It’s all fun and games until…

•May 13, 2009 • Leave a Comment

kittyeyepatchGrowing up we all heard that phrase from our mothers and usually it ended with ‘until someone loses an eye.’  Run with scissors, “It’s all fun and games until you fall and stab yourself.”  Run with a pencil in your hand, “It’s all fun and games until you fall and poke yourself.”  I don’t know about anyone else but whenever it was said to me I never pictured the worst case scenario.  If I ran with scissors and that was yelled out to me I always had visions of a scrape on the leg.  If it was a pencil and I fell there would be a huge pencil mark on my leg. Never was a rolling around on the floor in pain as my lifeblood spewed from my body.  So, when I had kids I decided to step it up a notch.

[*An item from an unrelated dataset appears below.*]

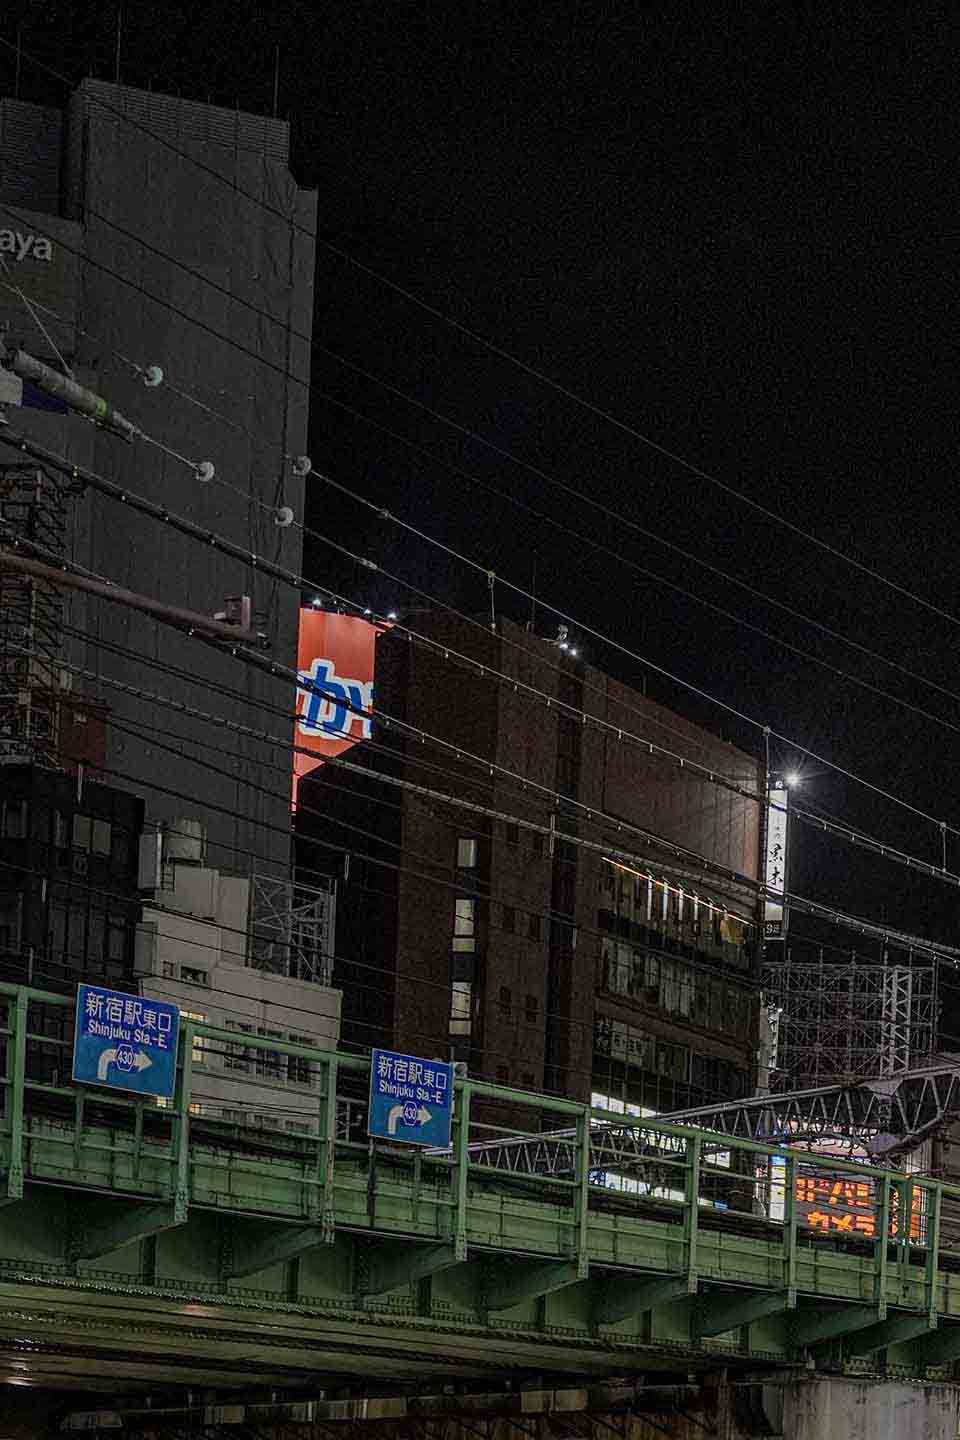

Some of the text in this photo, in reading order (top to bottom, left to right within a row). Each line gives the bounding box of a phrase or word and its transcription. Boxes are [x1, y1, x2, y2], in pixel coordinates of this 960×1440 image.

It all started innocently enough with the whole look both ways before crossing the street rule.  It seemed like no matter how many times I stopped and looked both ways my kid would still try and dart across.  Every one says how teenagers feel like they are immortal and that’s why they do such stupid things.  Toddlers have no concept of death so they do really stupid things.  That’s when I went that extra step with the all fun and games rule.  I had to keep it simple so it would be something that stuck in his/their mind.  So, I said, “You have to look both ways or a car could come and ::clap my hands together and smoosh them around:: It will squish you flat like a pancake.”  Little eyes opened wide, his cute little mouth formed an ‘o’, he looked between my face and my hands and I saw him make the connection.  This was repeated a couple more times and yet again when my youngest came to be.  Which led to many amusing encounters while we were out and about.  It started with roadkill that we passed in the car and my child yelling from the backseat, “Flat ::clap squish hands together:: like a pancake.”  I’d simply nod and tell him that raccon should have indeed looked both ways before crossing.  This led to random encounters with strangers in parking lots.  We would be at the mall and stop to look both ways before crossing from the parking to the sidewalk and my kids would watch people just walk right on across without looking.  This seemed to trouble them and they would yell, “STOP! Flat..::chubby little hands clapped and smooshed around:: like a pancake!”.  Their little speech would earn me startled looks and I’d just shrug and give the “kids, what are you gonna do.” look to them.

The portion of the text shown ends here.